True, but was my point clear about this thought experiment?
Yes. If you consider natural selection over a long time period then it could be described as random. Just as the earth's climate could be described as random. However, because over the time period organisms adapt to their environment the selection criteria (such as the climate) are pretty stable, "random" is misleading. Sure, some DNA from one generation to the next will be lost due to trees falling on heads, tornadoes and lucky preditors, but this is just noise on top of the general trend that dominates. If this noise was bigger than the general selection criteria then there could be no adaptation by organisms.
I was trying to put forward my view that the selection is truely random, and the precice course of evolution is truely random (probabilistic) and not pseudorandom, unlike the excel random number generator, for example...
Many individuals that would otherwise breed are just unlucky, due to random events. This affects the selection, starting from which sperm actually fertilises the egg in the first place.
Add in random behaviour of predators, then acts of Zeus, and one can only make short-term predictions about the course of evolution of any particular species descendants, other than to say it is highly likely that most will not reproduce sucessful offspring.
For the purpose of this thread are you considering meteorites, and volcanoes as random, or pseudorandom, or something else?
That's a hard question to answer. If there are rules that every particle in the universe has to obey then nothing is truly random. I prefer to think of random as a word to express qualatively the amount of ignorance an observer has about a process or the inputs to the process.
E.g., someone getting lung cancer is random. Someone who smokes 30-a-day getting lung cancer is less random to an informed observer than a non-smoker getting lung cancer.
Meteorites and volcanoes could be considered random. The effect of a large meteorite strike or volcanic eruption would be a step-change in the selection criteria. Either side of this step change the selection criteria would be pretty stable or simple functions over time. If there was insufficient variance in a particular population to cope with the new environment, that population would die out.
"That will not model the trend in evolution, which tends to reduce variance."
Speciation?
The sum total distributions of the genomes of every organism would show multiple distributions, (could one treat each DNA letter as part of a base4 number?- I am more than a bit unsure of this). Two separate sepcies would show different means and standard deviations.... arrgh. I hope that you can follow this as I am thinking after typing, but not deleting...
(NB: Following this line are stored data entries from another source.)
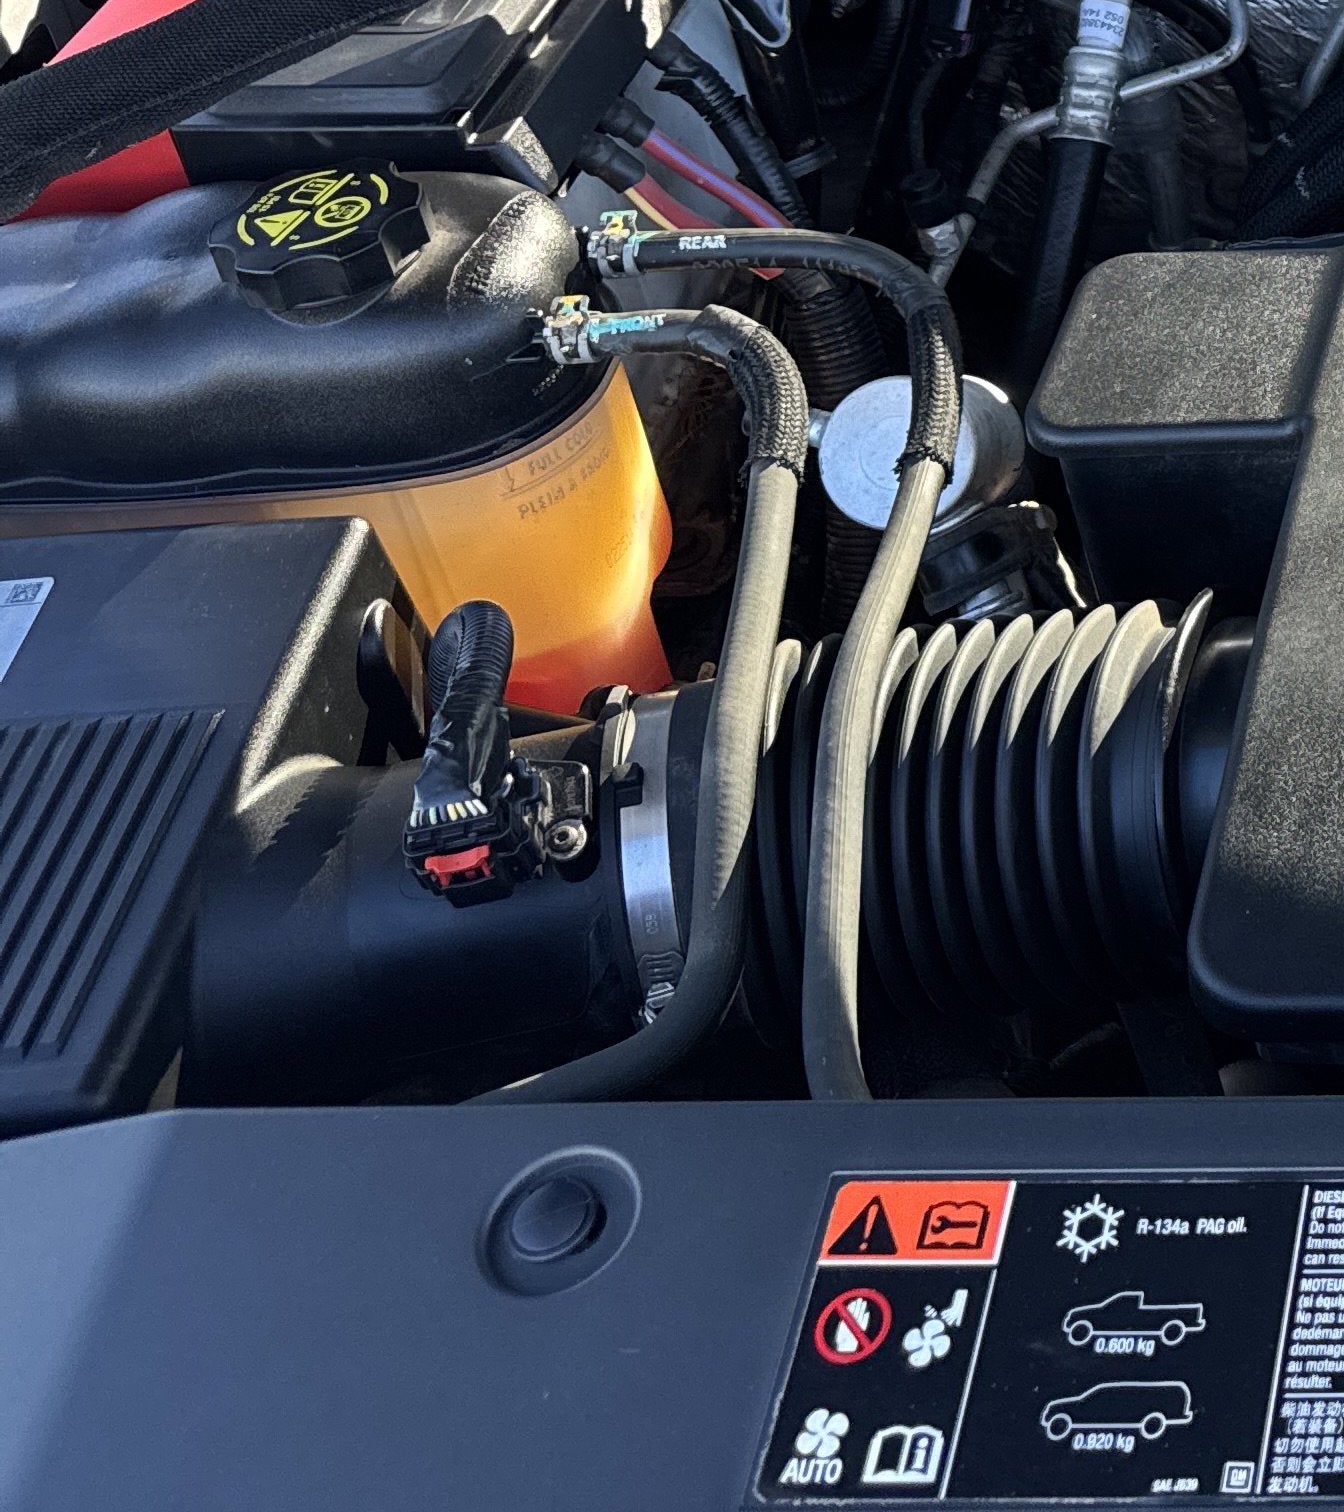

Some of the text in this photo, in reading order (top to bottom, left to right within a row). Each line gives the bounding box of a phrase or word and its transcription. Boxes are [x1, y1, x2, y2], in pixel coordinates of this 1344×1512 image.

[678, 235, 727, 250] REAR
[1311, 1205, 1325, 1219] (If
[1136, 1217, 1248, 1235] R-134a PAG oil.
[1309, 1221, 1324, 1234] Do
[1303, 1253, 1325, 1265] can
[1298, 1294, 1313, 1309] (si
[1295, 1311, 1312, 1324] Ne
[1314, 1312, 1335, 1326] pas
[1094, 1338, 1155, 1356] 0.600 kg
[1287, 1360, 1303, 1373] au
[1284, 1374, 1333, 1389] résulter.
[1116, 1432, 1136, 1453] kg
[777, 1457, 844, 1484] AUTO
True this would be less than if every mutation survived and reproduces, which would be truely disordered.
Jim
Isn’t an environment with species less random than one with ponds full of goo?
A random process that reduces variance is best modeled as a random process that reduces variances.
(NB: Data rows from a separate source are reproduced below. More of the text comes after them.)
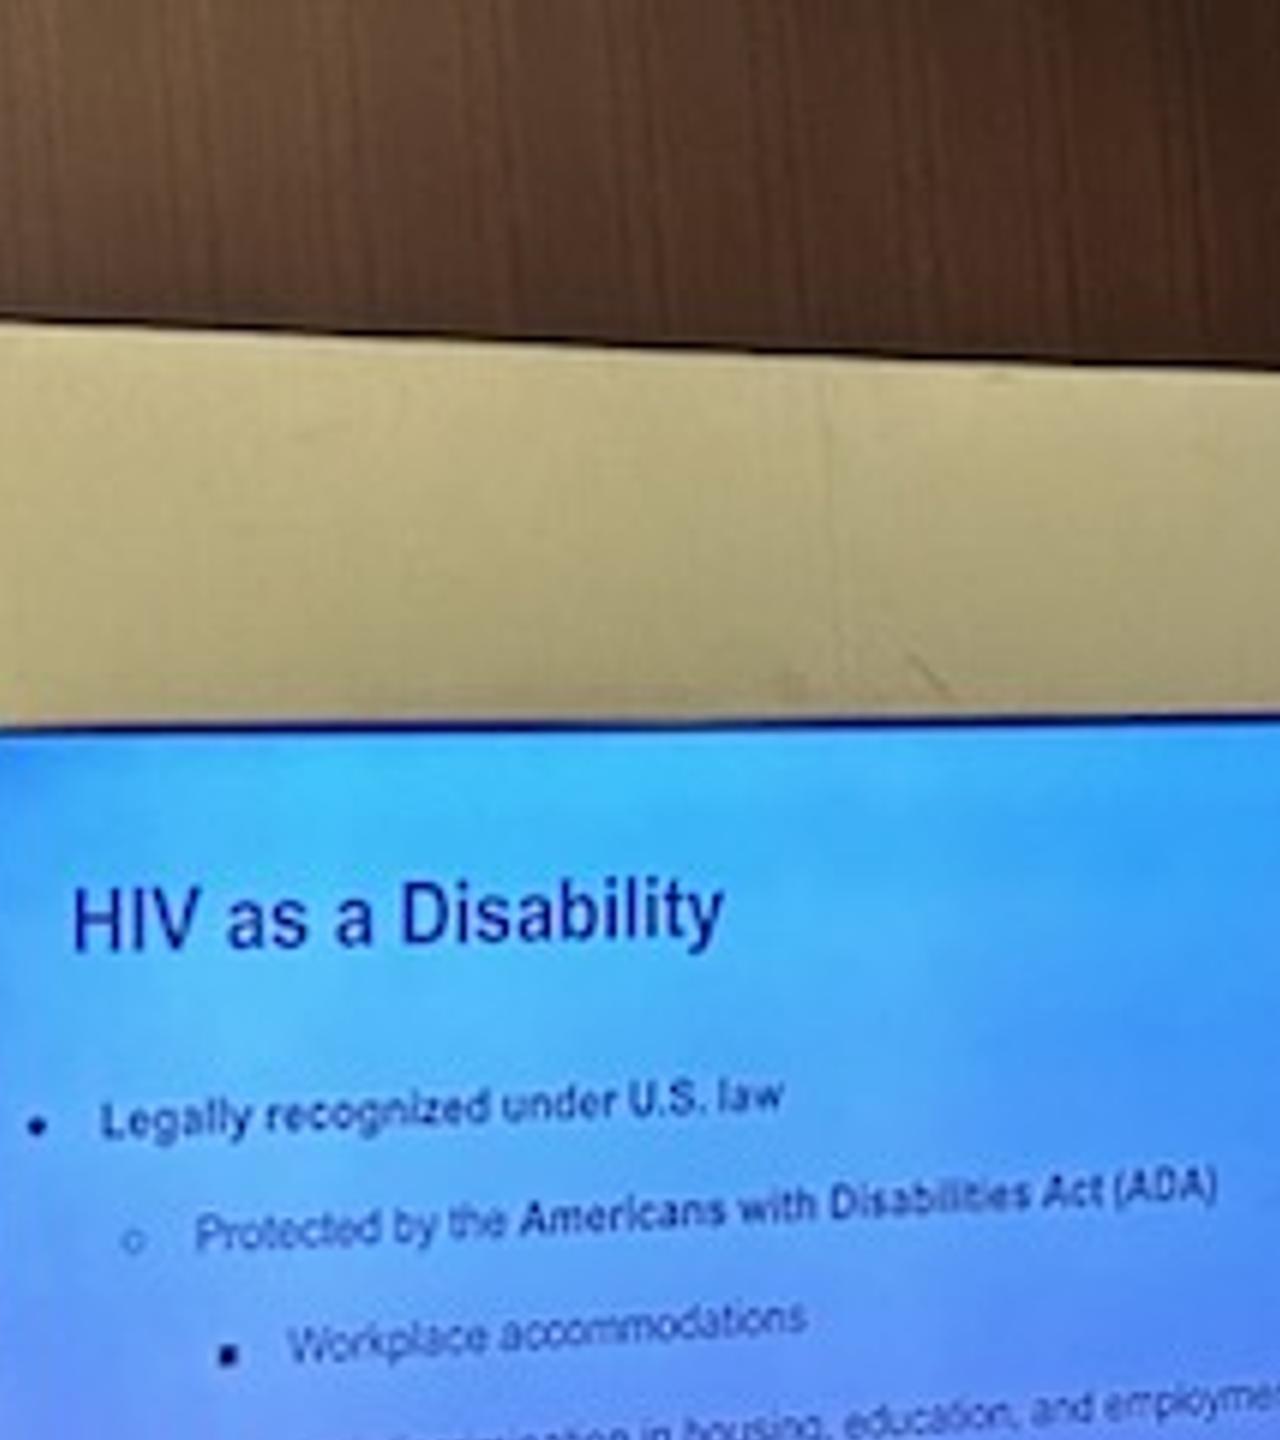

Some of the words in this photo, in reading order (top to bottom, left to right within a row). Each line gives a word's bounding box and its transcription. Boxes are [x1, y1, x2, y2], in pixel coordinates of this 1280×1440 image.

[73, 884, 202, 951] HIV
[227, 895, 308, 950] as
[336, 895, 375, 948] a
[402, 876, 725, 953] Disability
[101, 1097, 252, 1147] Legally
[267, 1089, 490, 1139] recognized
[503, 1084, 616, 1122] under
[632, 1080, 706, 1118] U.S.
[720, 1078, 784, 1113] law
[196, 1208, 381, 1252] Protected
[394, 1204, 436, 1251] by
[449, 1202, 506, 1240] the
[519, 1194, 725, 1237] Americans
[741, 1187, 818, 1227] with
[830, 1176, 1030, 1220] Disabilities
[1043, 1172, 1104, 1209] Act
[1115, 1164, 1217, 1211] (ADA)
[287, 1319, 489, 1365] Workplace
[499, 1301, 809, 1352] accommodations
[843, 1398, 1017, 1440] education,
[1030, 1391, 1094, 1426] and
If each year, we pick, deterministicly, one person who died childless, and somehow recover their genome (assuming we had some technology to do so) and pass it on, we would increase the variance in the population through a determistic method.
If I have the set of N random numbers (listed in order): 1, 2, 4, 4, 7, 8, 9 so N = 7. The mean and standard deviation are 5 and 3.055 respectively.
If I add a number to the set, say 7, the mean and standard deviation are 5.25 and 2.915. I.e. the standard deviation goes down, not up. If I repeatedly add the number 7, the standard deviation tends to zero and the mean to 7. So you’re statement is wrong.
If each year we selected one person in the population to die, using a random number generator to do so, we would reduce the variance in the population through a random method.
If I have the set of N random numbers (listed in order): 1, 2, 4, 4, 7, 8, 9 so N = 7. The mean and standard deviation are 5 and 3.055 respectively.
If I delete one of the numbers from the set, say 7, the mean and standard deviation are 4.667 and 3.204. I.e. the standard deviation goes up, not down. So you’re statement is wrong.
Increased variance should not be confused with random, and reduced variance should not be confused with non-random. You can't equate one with the other.
Walt
I don’t. What I think is that a distribution with a narrower variance is
less random than one with a wider variance.
Useful selection functions are stable or simple functions over time, with less variance than the population being chosen from. Randomness in the selection function limits how well adapted an organism can be. I.e. it puts a lower limit on the variance of the population selected for the next round.
NB: All values were calculated using Microsoft Excel average() and stdev() functions.